[Records contained in a dataset]
▽
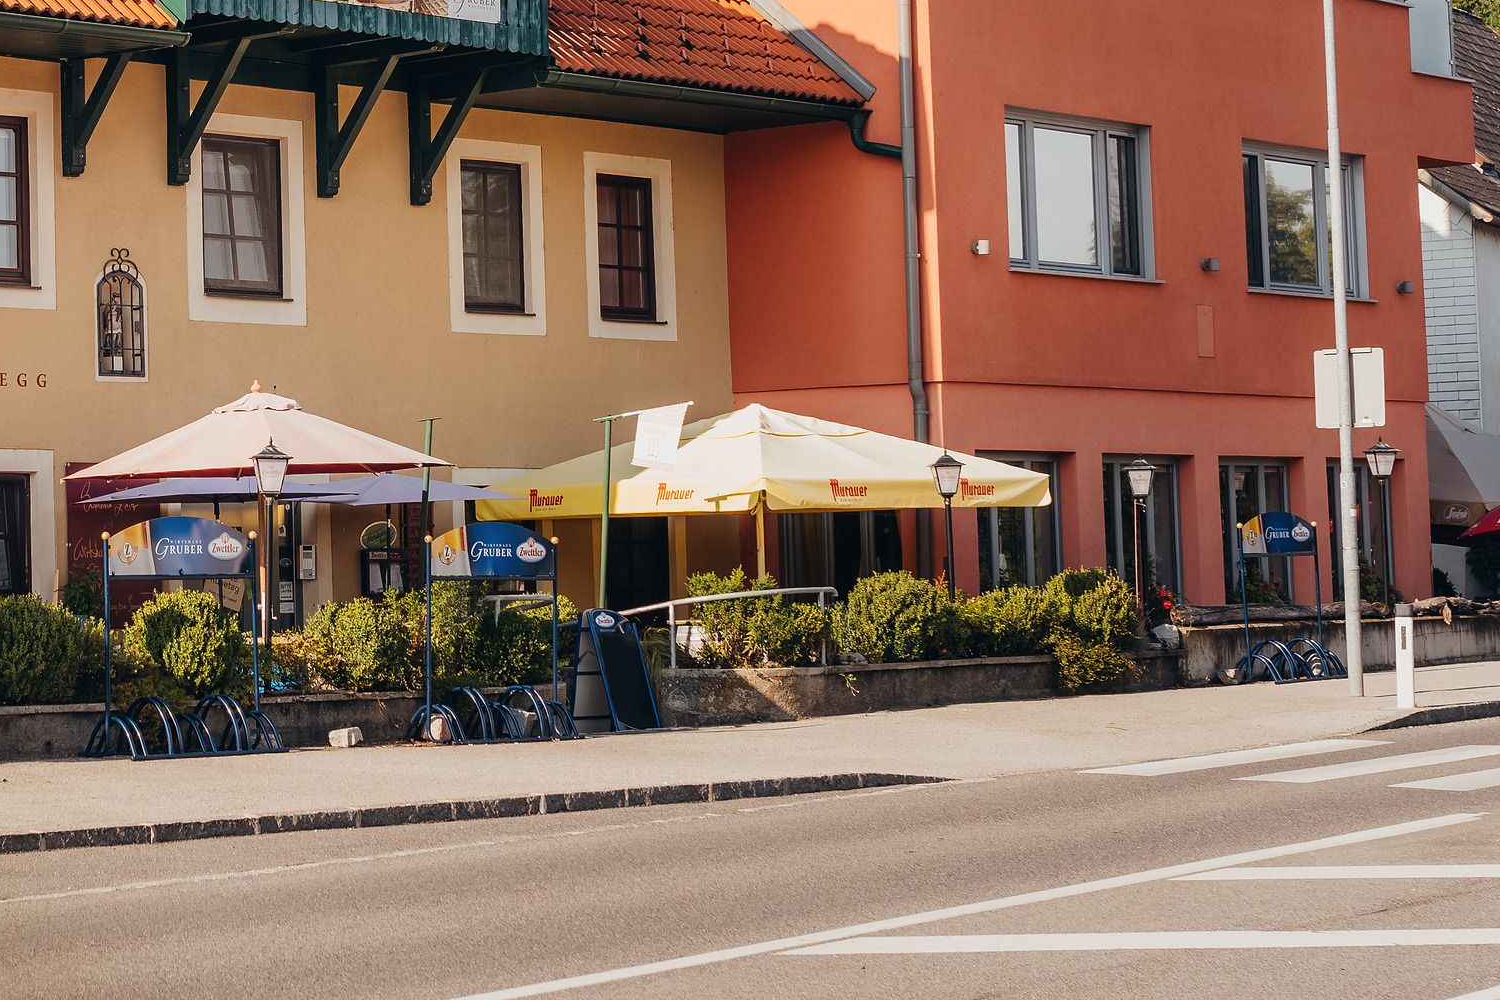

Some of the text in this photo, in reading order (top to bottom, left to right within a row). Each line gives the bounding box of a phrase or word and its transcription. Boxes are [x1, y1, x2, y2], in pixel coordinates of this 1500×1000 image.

[529, 488, 564, 513] Murauer
[655, 482, 695, 506] Murauer
[828, 478, 868, 503] Murauer
[959, 477, 995, 502] Murauer
[1265, 526, 1290, 543] GRUBER
[155, 537, 203, 561] GRUBER
[211, 542, 240, 554] Zwettler
[470, 541, 513, 562] GRUBER
[519, 547, 544, 557] Zwettler
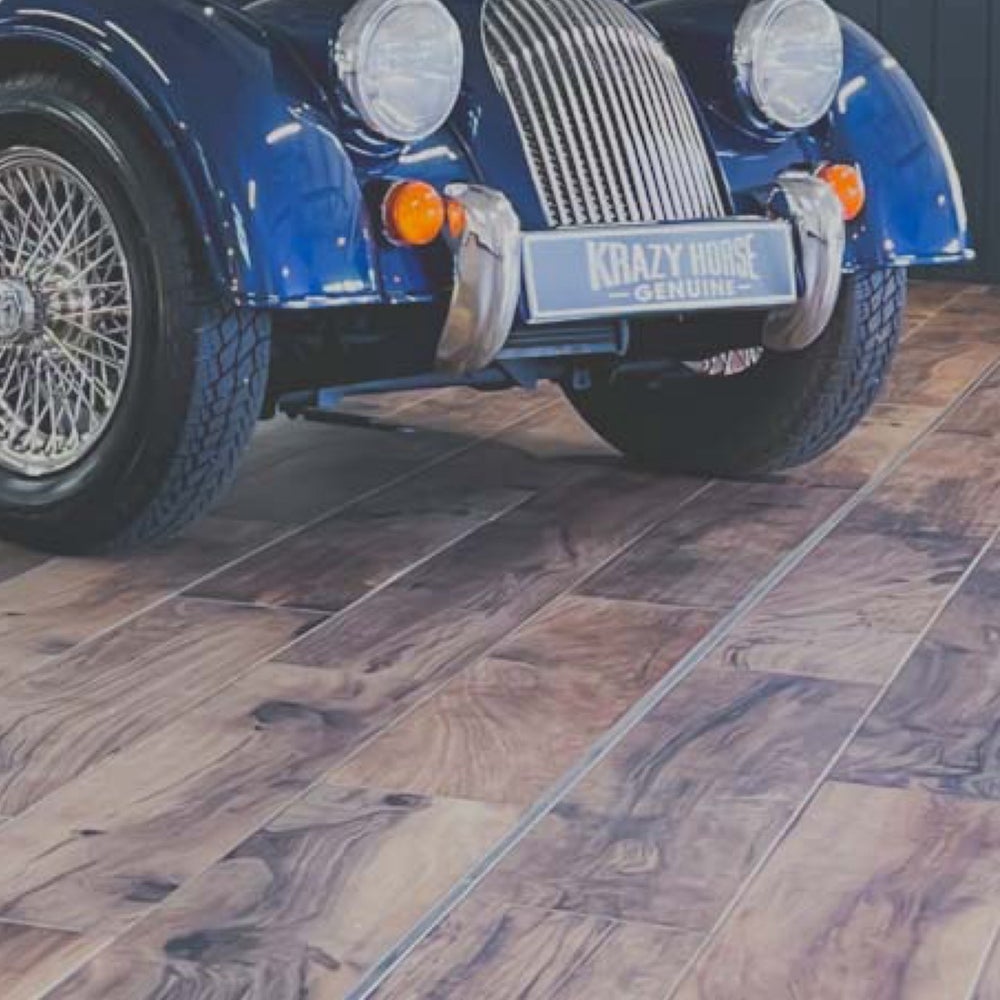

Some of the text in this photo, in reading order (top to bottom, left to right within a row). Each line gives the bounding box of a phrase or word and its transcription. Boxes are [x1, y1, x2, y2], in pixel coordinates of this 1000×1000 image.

[587, 233, 760, 291] KRAZY HORSE
[636, 280, 736, 302] GENUINE
△
**EXERCISE PROMPT:** What you hand back should match the entries above exactly, except that no picture appears.

**TASK RESULT:**
Some of the text in this photo, in reading order (top to bottom, left to right within a row). Each line gives the bounding box of a phrase or word and its transcription. Boxes are [x1, y1, x2, y2], in pixel coordinates of this 1500×1000 image.

[529, 488, 564, 513] Murauer
[655, 482, 695, 506] Murauer
[828, 478, 868, 503] Murauer
[959, 477, 995, 502] Murauer
[1265, 526, 1290, 543] GRUBER
[155, 537, 203, 561] GRUBER
[211, 542, 240, 554] Zwettler
[470, 541, 513, 562] GRUBER
[519, 547, 544, 557] Zwettler

Some of the text in this photo, in reading order (top to bottom, left to right within a row). Each line gives the bounding box of a phrase or word and its transcription. Boxes are [x1, y1, x2, y2], in pixel coordinates of this 1000×1000 image.

[587, 233, 760, 291] KRAZY HORSE
[636, 280, 736, 302] GENUINE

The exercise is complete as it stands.